The reason you need onboarding experiences is to make users acquainted with your product in no time. These experiences help users understand the ins and outs of the product so that they don’t have to figure these out themselves. You can build a special bond between you and your prospect through these guides and then form a relationship of trust. Not only would your product get the attention that it deserves, but you’ll also get more opportunities to shine later on.

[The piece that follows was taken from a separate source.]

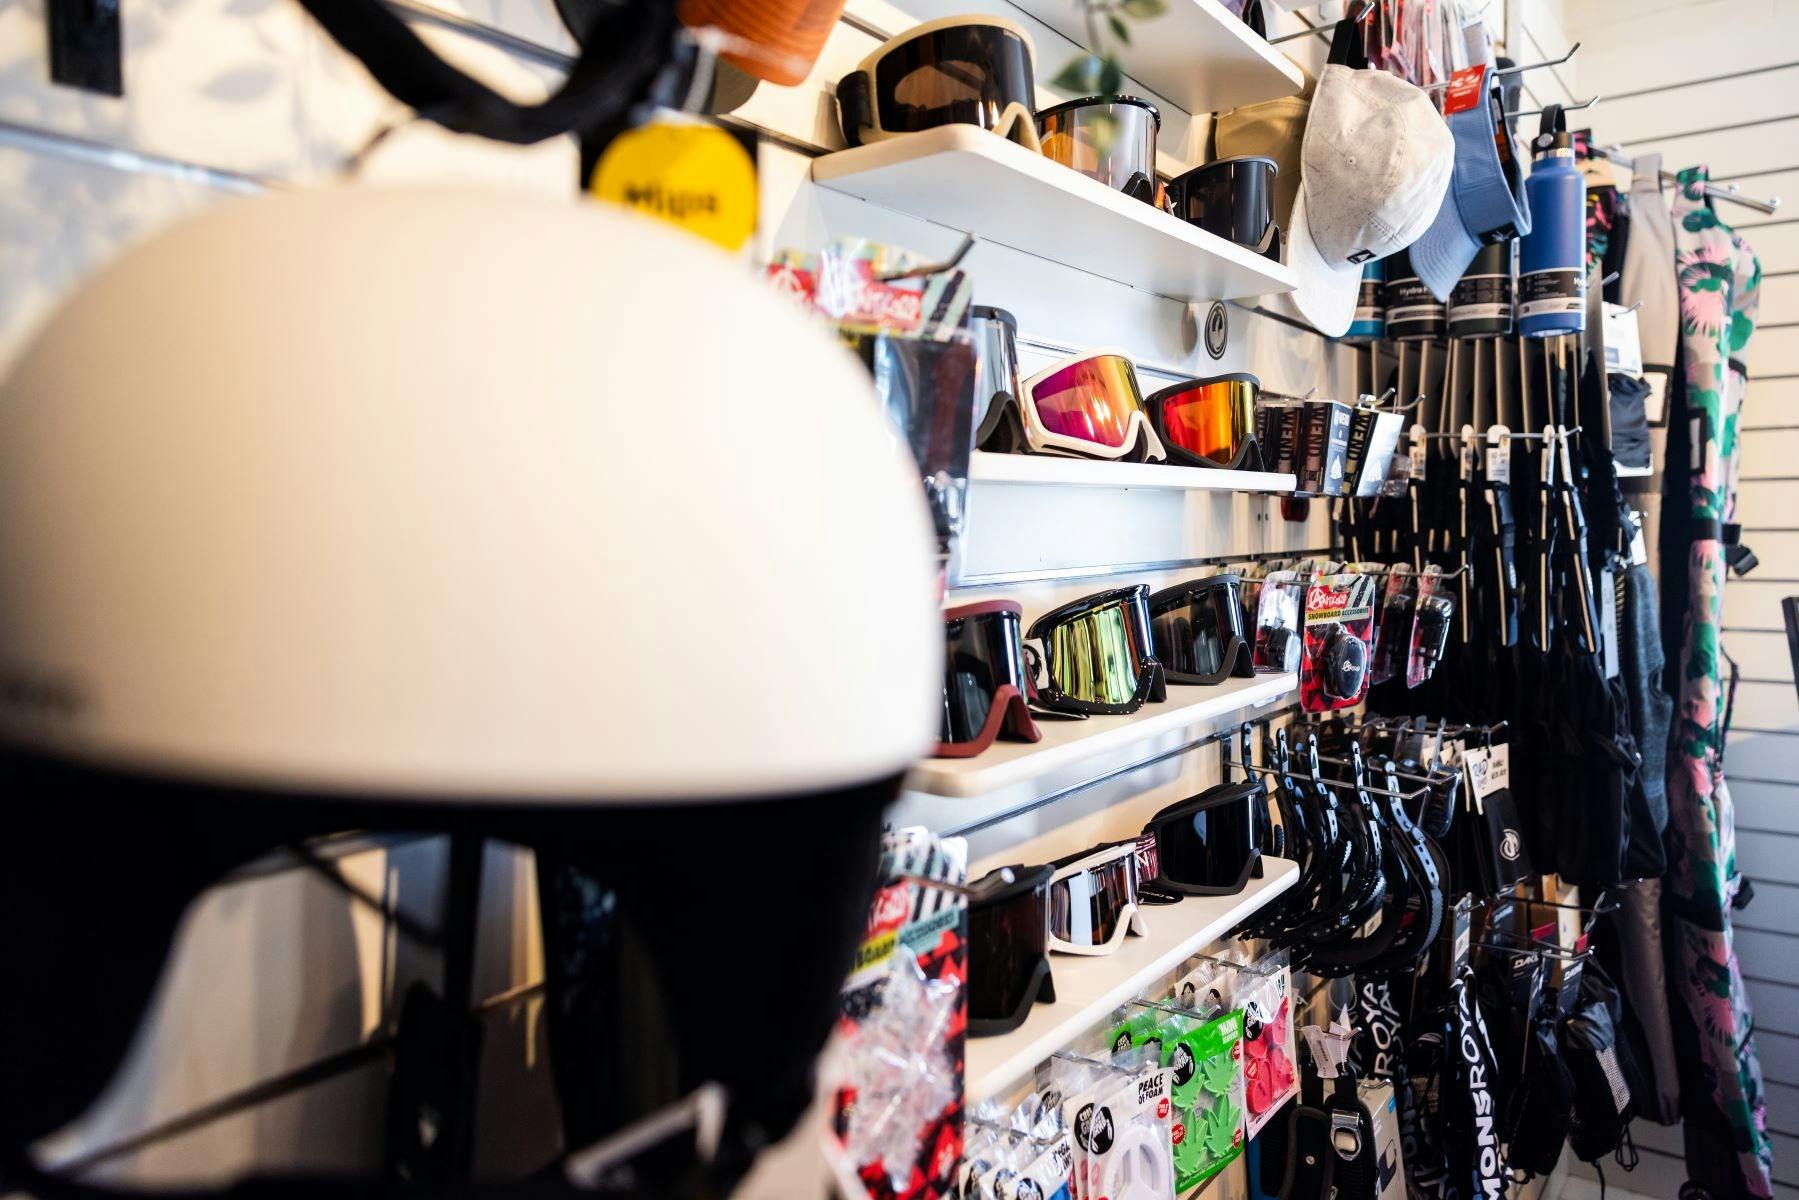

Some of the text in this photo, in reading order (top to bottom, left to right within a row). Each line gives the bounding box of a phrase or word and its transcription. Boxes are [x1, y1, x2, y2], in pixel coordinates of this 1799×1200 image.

[1308, 607, 1369, 620] SNOWBOARD ACCESSORIES
[1138, 1073, 1164, 1095] PEACE
[1138, 1086, 1164, 1105] OF FOAM

To ensure your onboarding experience goes smooth, you need to structure it in the best way possible. The following best practices are described to eliminate any possibility of your user onboarding experience going south.

1. First Impression.

The landing page is what decides the first impression a user gets from their experience. Make sure you make this page perfect. It should be intriguing enough to keep the user engaged and permanently catch their undivided attention. Use a straightforward title that represents your product in the best way with aesthetically pleasing visuals surrounding it. This way the user would know that they’re in for a treat and would be interested in moving forward with their user onboarding experience.

2. Short and Sharp.

Once the first impression gets over with, now the main body of the onboarding comes into the frame. You must structure the main info to be short yet detailed. The walkthrough should consist of sharp sentences and easy to understand information. A complicated and difficult walkthrough is something nobody would want to go through. Your goal should be to convey a heavy but short message. Do not go into unnecessary details. Rather focus on the core aspect of your product and structure your walkthrough around it.

3. Responsive.

To keep the user engaged and interested, make your onboarding experience responsive. Make the user answer some short questions throughout the process. Or make them feel important by asking them to carry out small tasks. You can also ask for feedback indirectly through this process. However, make sure not to overdo it. Your goal is to keep the user engaged, not to make them do everything. This would result in the user thinking of the onboarding experience as a realistic approach instead of just a robot doing marketing.

Conclusion

Your goal is to build a bond with the user. Ensure you get feedback either throughout the walkthrough or at the end of it. You might get a negative one but take that as good news. The ability to know where you made a mistake is a blessing. You can use that to structure your onboarding experience in a much better way. The key is to ever stop improving or learning!